Several more poems, brooding, heraldic and heroic, connect the early sonnets in conventional forms (Italian and English: Petrarchan and Shakespearean) to the sprung variations that began to appear in the late 19th and early 20th Centuries. Few stand as dramatic as Emma Lazarus’s 1883 poem “The New Colossus.” Recall the signature final lines:

 . . . Give me your tired, your poor
Your huddled masses yearning to breathe free,
The wretched refuse of your teeming shores.
Send these, the homeless, tempest-tossed to me.

I lift my lamp beside the golden door.

No one did bombast better than Emma. But this was an era of immense growth and promise. The Brooklyn Bridge opened in 1883. Edison’s electric lights were streaming across New York City that year. Golden door indeed! “Poetry must have something in it that is barbaric, vast and wild,” wrote Denis Diderot one hundred years before his countrymen gave us Lady Liberty. The tempest-tossed were welcomed here, maybe to help quell all that vastness. Ever adaptive, poetry is reflective of its weltanschauung. The French will have to accommodate our purloined use of the German term, at least this once.

Back to Miss Emma’s ulterior motive for writing and publishing her sonnet, David Mikics informs us that she wanted to raise money for the Statue of Liberty’s completion and delivery from France. “Pennies poured in from schoolchildren and working people. Three years later the statute was assembled and delivered.” Let’s move ahead in the volume and significantly in time. Sonnets, we agree, are adaptable. The only constant, or near-constant, is the fourteen lines. Robert Frost’s “Mowing,” an unhinged sonnet with no visible rhyme or meter, underscores the vicissitudes of nature. The poet-farmer in New Hampshire speaks of “no easy enchantment,” where “Anything more than the truth would have seemed too weak.” This poem is catholic and broad, but in a highly private sense.
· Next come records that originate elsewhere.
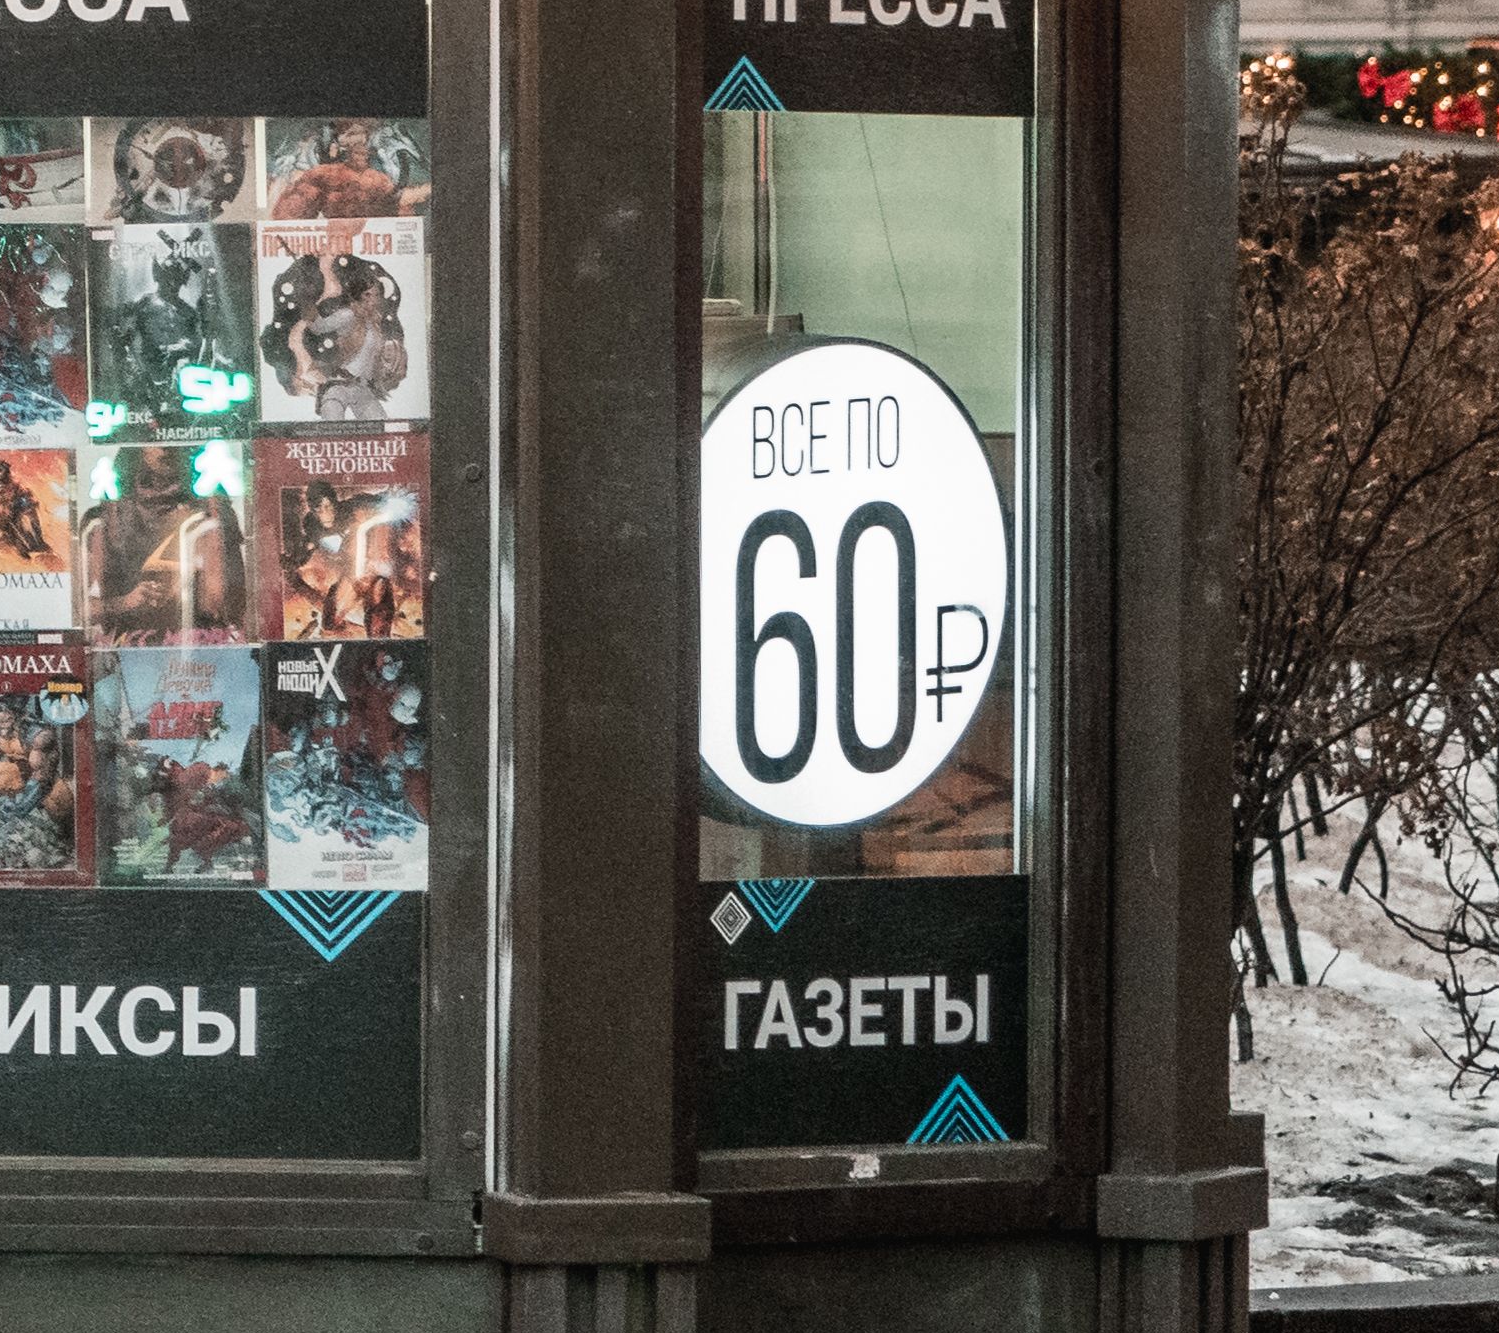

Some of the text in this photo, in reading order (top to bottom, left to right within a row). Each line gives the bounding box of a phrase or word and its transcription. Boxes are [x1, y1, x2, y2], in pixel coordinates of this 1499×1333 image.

[752, 391, 902, 481] ВСЕ ПО
[285, 436, 408, 459] ЖЕЛЕЗНЫЙ
[300, 456, 397, 475] ЧЕЛОВЕК
[277, 660, 320, 673] НОВЫЕ
[277, 673, 320, 693] ЛЮДИ
[721, 973, 992, 1054] ГАЗЕТЫ
And what could be more representative than that of the taciturn poet, in 1913? “Mowing” appeared in Frost’s first published volume, A Boy’s Will.   
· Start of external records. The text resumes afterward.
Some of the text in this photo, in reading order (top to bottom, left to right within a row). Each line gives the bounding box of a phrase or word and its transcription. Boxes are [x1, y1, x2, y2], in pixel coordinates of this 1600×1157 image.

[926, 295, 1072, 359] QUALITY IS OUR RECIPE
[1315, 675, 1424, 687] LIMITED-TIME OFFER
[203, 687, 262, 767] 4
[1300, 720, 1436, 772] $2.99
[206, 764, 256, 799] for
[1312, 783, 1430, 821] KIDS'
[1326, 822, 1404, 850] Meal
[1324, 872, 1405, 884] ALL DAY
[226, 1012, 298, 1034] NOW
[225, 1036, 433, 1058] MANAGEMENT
Hart Crane took a day away from his epochal long poem “The Bridge” to write “To Emily Dickinson.” Of Crane’s homage, Stephen Burt writes that this ” . . . is a poem about spiritual and artistic failure, about obscurity, silence, and the abandonment of impossible projects. . .”  The suggestion that the poem may also be autobiographical cannot be disputed. Some poems included here — Ted Berrigan’s “The Sonnets 44 (1964) — scatter rhymes to achieve something essential in the busyness and peccadilloes of New York. Find here too poets of the Harlem Renaissance, Miss Elizabeth Bishop and her friend Robert Lowell, who insists on blank verse. Les Murray, who once dreamed of wearing shorts forever, checks in from down-under. Rita Dove offers a remarkable poem touching the Greek myth of Persephone. Derek Wolcott’s briny sonnet complements his Caribbean energy and experience. Let’s take a look at the concluding lines to Wolcott’s “The Morning Man:”

It’s early December,
the breeze freshens the skin of this earth,
the goose-skin of water,
and I notice the blue plunge
of shadows down Morne Coco Mountain,
December’s sundail,
happy that the earth is still changing,
that the full moon can blind me with her forehead
this bright foreday morning,
and that fine sprigs of white are springing from my beard.
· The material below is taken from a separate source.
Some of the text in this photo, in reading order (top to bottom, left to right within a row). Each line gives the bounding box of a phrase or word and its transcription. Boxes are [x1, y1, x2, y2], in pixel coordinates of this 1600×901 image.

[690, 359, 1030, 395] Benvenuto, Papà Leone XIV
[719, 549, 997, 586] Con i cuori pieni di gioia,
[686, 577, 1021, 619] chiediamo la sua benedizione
Rarely has a poetry anthology been better conceived, for purpose or pleasure. If I had to quibble it would only be to say that I had expected to find one of the best and most often anthologized of all American sonnets, “Those Winter Sundays,” by Robert Hayden. It is not included. Surely I can make a decent excuse for the good professors’ decision, as editors, to leave it out. The fact that it is so well known and loved leaves room for one more in the collection that we know less well. At the end of the day I admit that I would not want to be without medical doctor and poet Rafael Campo’s poem, from 2007, “Rest Stop near the Italian Border.” Like so many in this volume, his is a poem I will come back to. 

  
Arthur McMaster earned an MFA from the University of Florida. He now teaches creative writing and American Literature at Converse College. He is the author of Musical Muse, Wives and Lovers of the Great Composers, as well as two chapbooks of poetry. His work has been nominated for a Pushcart Prize and was twice a runner up for the James A. Hearst Poetry Prize.